Une récente réforme a ouvert les portes des cabinets libéraux aux étudiants en kinésithérapie, dopant considérablement leurs possibilités d'apprentissage. Jusqu'à présent, ces expériences étaient principalement cantonnées aux structures hospitalières, laissant peu de chance aux étudiants de bénéficier d'un apprentissage pratique. C'est un véritable tournant dans la formation des futurs professionnels, comme l'indique Cécile Riou, directrice de l'Ifpek de Rennes.
"L'apprentissage était limité à quelques étudiants par promotion, ce qui est très restrictif. L'ouverture vers les cabinets libéraux est une bouffée d'air frais pour nous tous", affirme-t-elle. Ce changement a rencontré un accueil enthousiaste chez les étudiants. Romain Hervé, l'un d'entre eux, partage cet avis : "Avec ce nouveau dispositif, nous sommes motivés à nous impliquer à 100% dans nos études, car nous n'avons plus à chercher un travail à côté pour financer notre formation.
des frais en moins, un salaire en plus
Cette réforme offre plusieurs avantages financiers aux étudiants. Les frais de scolarité, qui s'élèvent en moyenne à 8 000 euros par an, peuvent être pris en charge par les employeurs. De plus, les étudiants reçoivent un salaire durant leur formation, souvent situé légèrement en dessous du Smic, ainsi que d'autres bénéfices tels qu'une aide au permis de conduire, de l'hébergement et des congés payés. Cette approche permet d'alléger la pression financière qui pèse sur les étudiants, un sujet crucial dans le contexte actuel de précarité étudiante.
"Ça nous permet vraiment de nous concentrer à 100% sur nos études, sans la nécessité de travailler à l'extérieur", confie Romain, ce qui est aussi un point que soulève Cécile Riou, en notant que cela aide à rendre les études plus accessibles.
gagnant-gagnant
Les bénéfices de l'apprentissage ne s'arrêtent pas là.
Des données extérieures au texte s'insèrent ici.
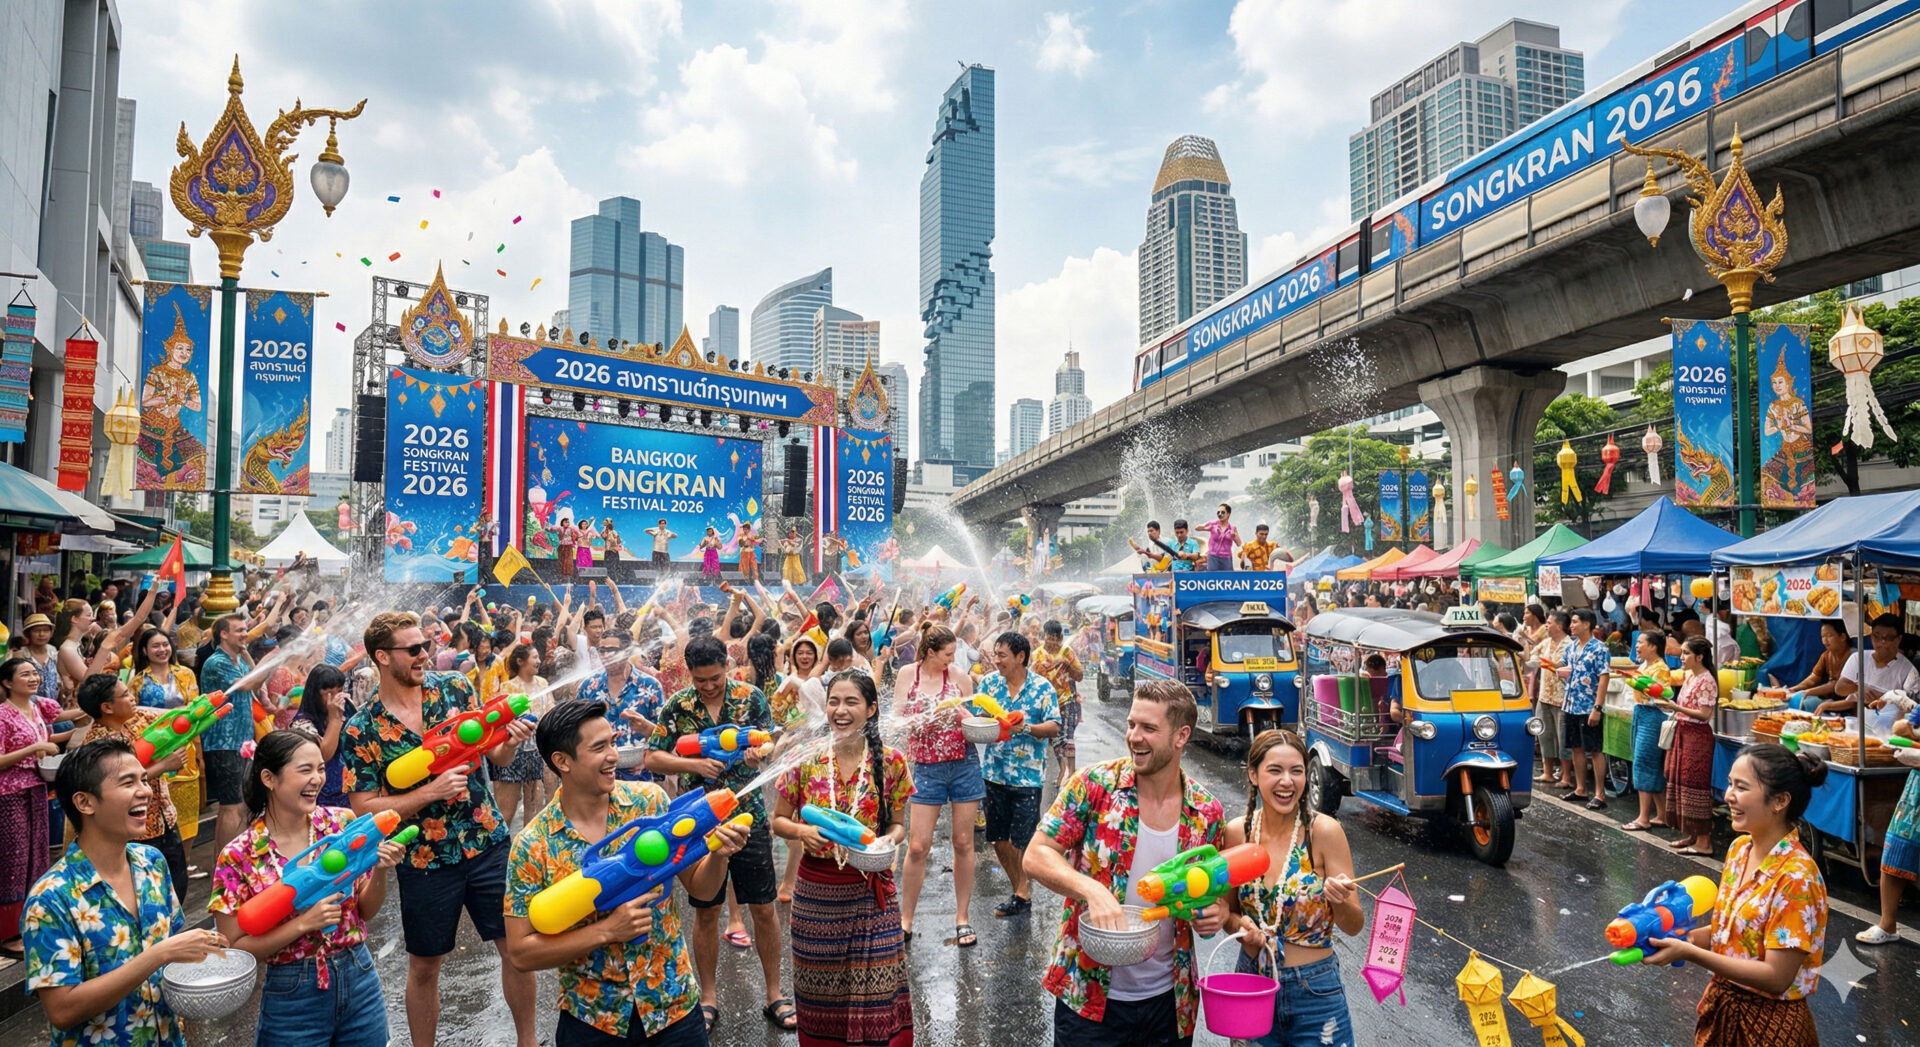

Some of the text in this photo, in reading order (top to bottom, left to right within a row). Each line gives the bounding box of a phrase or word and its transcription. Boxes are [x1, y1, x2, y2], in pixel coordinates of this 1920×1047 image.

Il procure aux étudiants une pratique bien plus rapide que lors d'une formation traditionnelle. Comme l'exprime Hélène Poulain, responsable pédagogique à l’établissement, "nous améliorons notre formation par une immersion directe dans le milieu professionnel." Les kinésithérapeutes, de leur côté, bénéficient d'une nouvelle perspective sur les techniques modernes, apportées par de jeunes diplômés. Cela permet aux employeurs de préparer l'avenir en formant des assistants potentiels.
En avril 2017, l'Ordre des masseurs-kinésithérapeutes avait exprimé des réserves sur cette approche, arguant qu'elle irait à l'encontre des dispositions sur l'exercice légal de la profession. Cependant, Cécile Riou et ses équipes estiment aujourd'hui que ces inquiétudes étaient infondées. "L'apprenti ne remplace jamais un professionnel en poste. C'est un cadre structuré, toujours orienté vers l'apprentissage", insistent-elles.
trouver un employeur potentiel
Un des derniers défis demeure la recherche d'un employeur pour les contrats d'apprentissage. Les étudiants doivent commencer cette quête rapidement, puisque les contrats débuteront en juillet et se poursuivront jusqu'à la conclusion de leur formation un an plus tard. Romain a déjà commencé à discuter avec son futur cabinet d'accueil. "Nous devons nous assurer qu'ils seront d'accord pour s'engager sur la durée. Avoir une année entière sur le terrain serait un atout considérable", conclut-il.